**Records supplied**

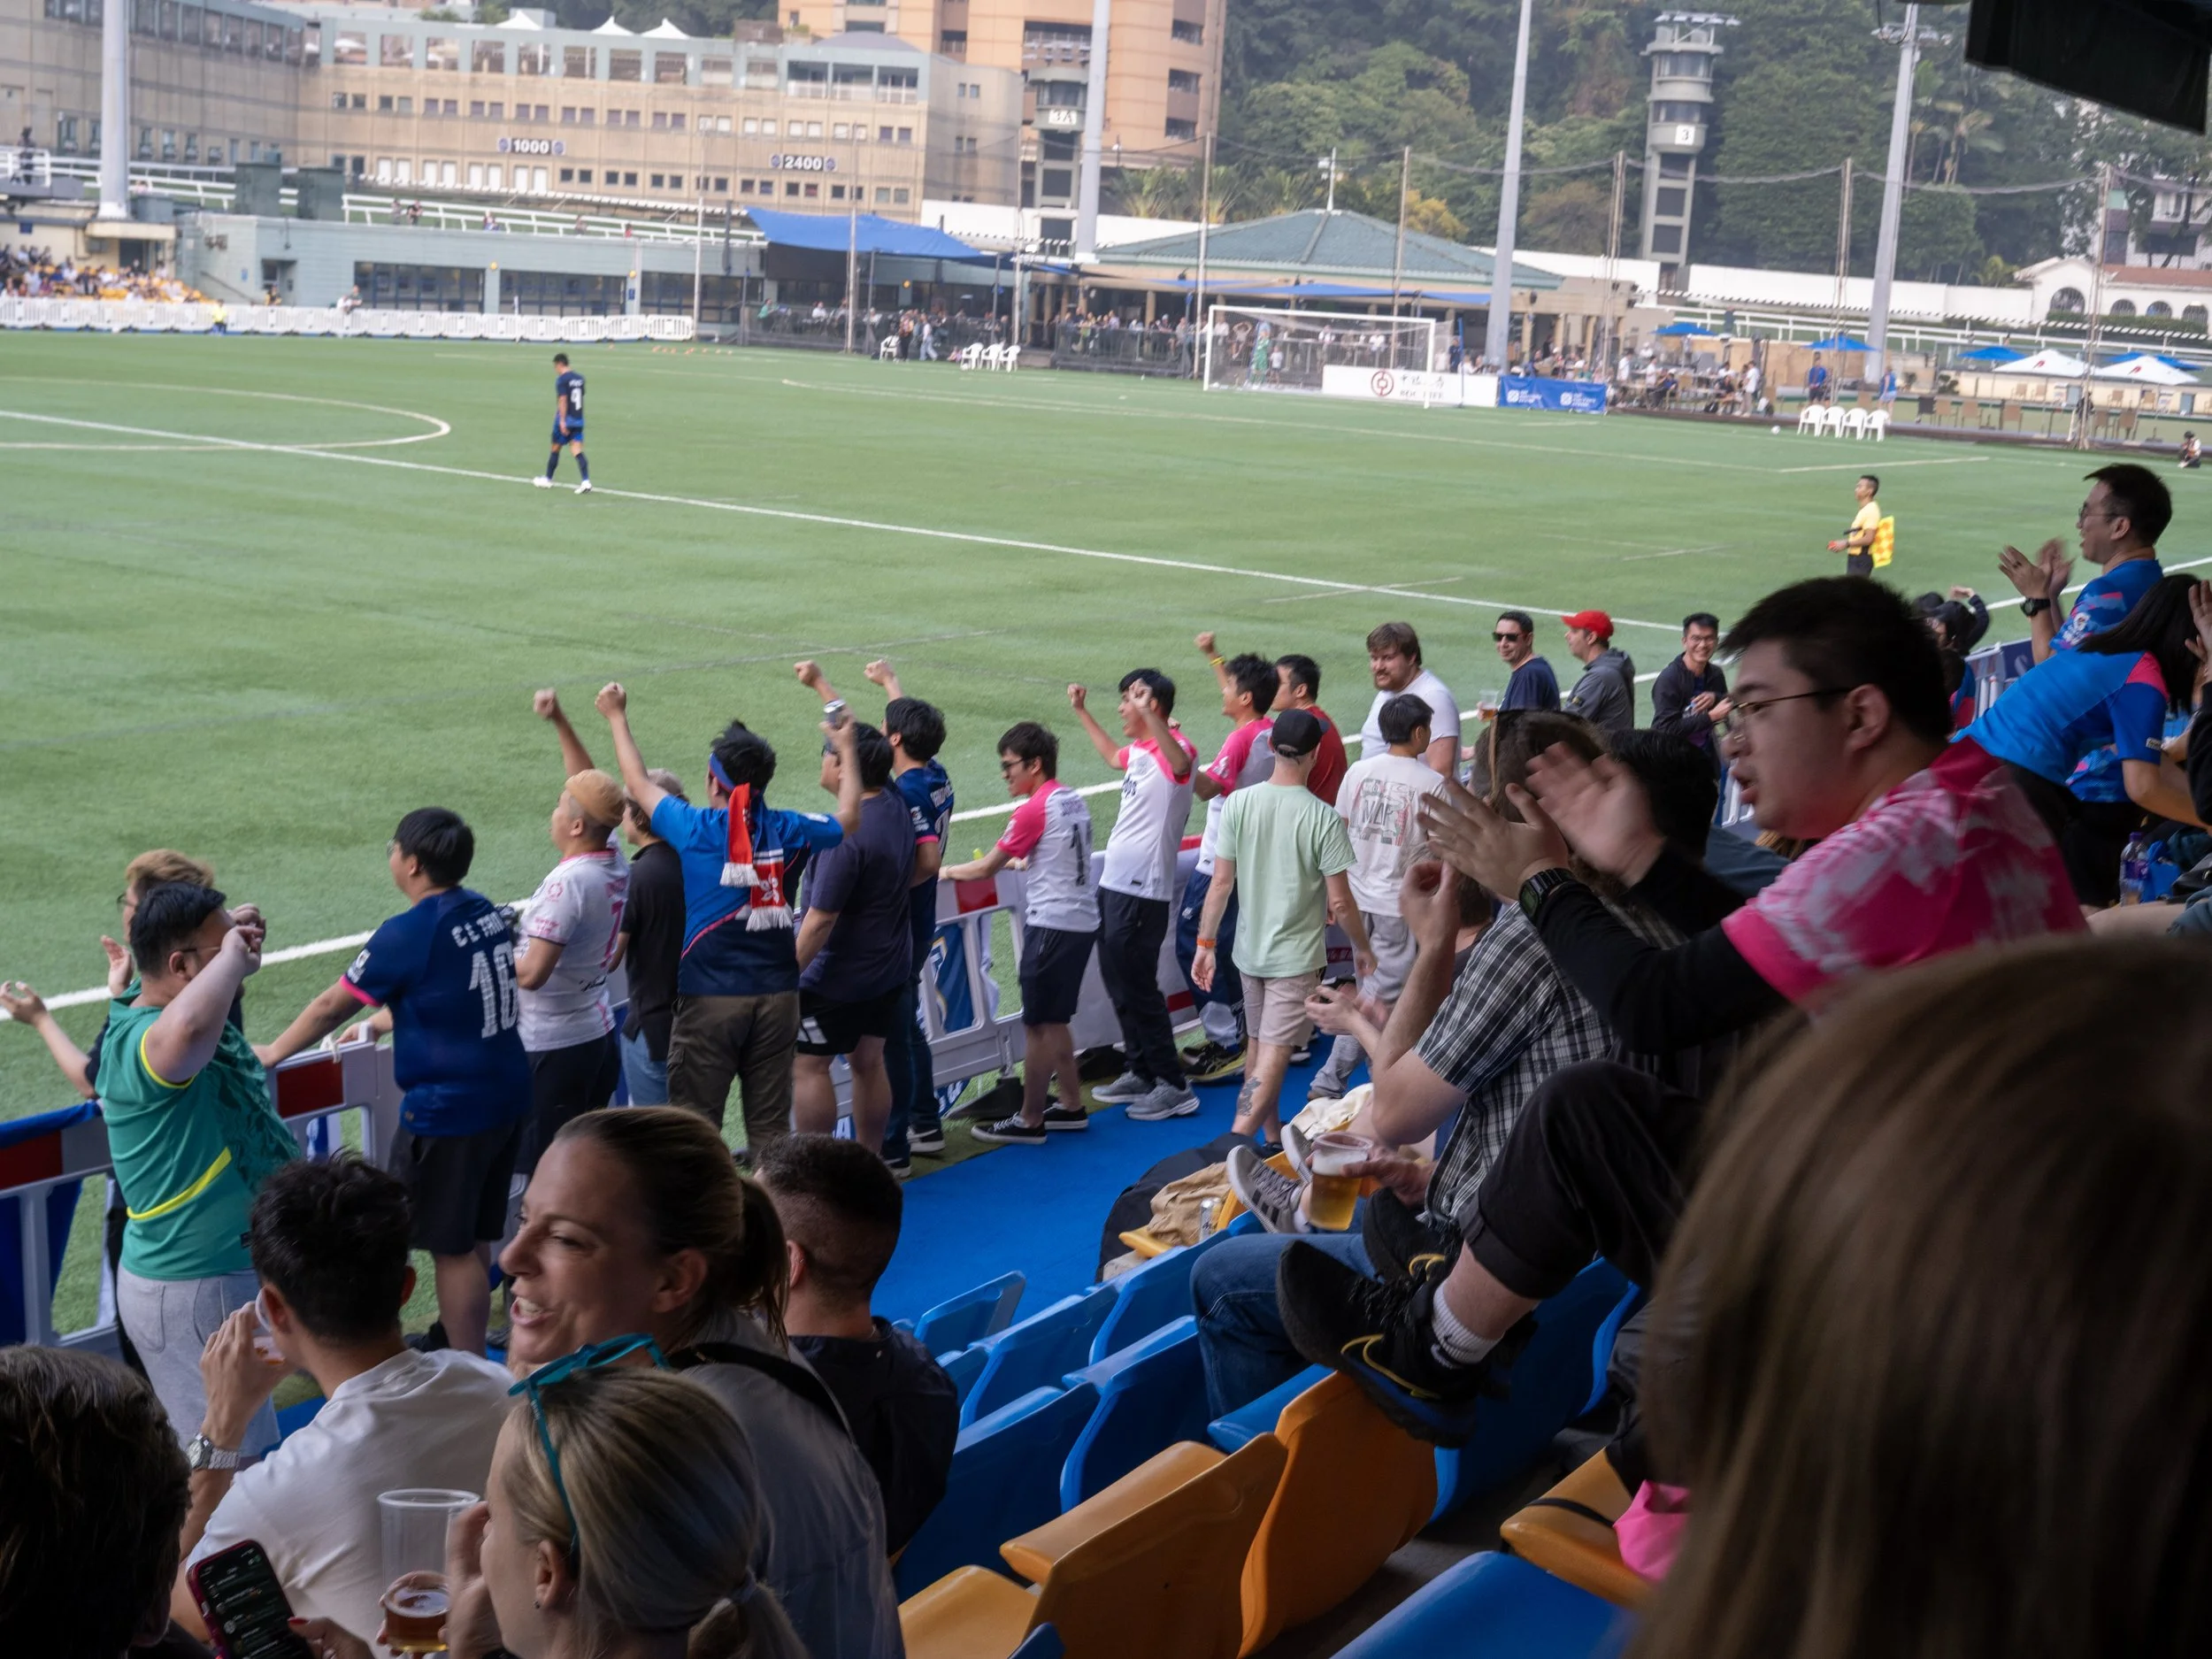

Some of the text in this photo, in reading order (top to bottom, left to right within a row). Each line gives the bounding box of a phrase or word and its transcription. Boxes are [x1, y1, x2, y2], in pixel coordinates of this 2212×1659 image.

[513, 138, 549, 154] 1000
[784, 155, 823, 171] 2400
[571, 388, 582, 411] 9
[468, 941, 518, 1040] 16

**Exercise**
I would like the material repeated in full and exactly, with its images omitted.

**Output of the exercise**
Some of the text in this photo, in reading order (top to bottom, left to right within a row). Each line gives the bounding box of a phrase or word and its transcription. Boxes are [x1, y1, x2, y2], in pixel coordinates of this 2212×1659 image.

[513, 138, 549, 154] 1000
[784, 155, 823, 171] 2400
[571, 388, 582, 411] 9
[468, 941, 518, 1040] 16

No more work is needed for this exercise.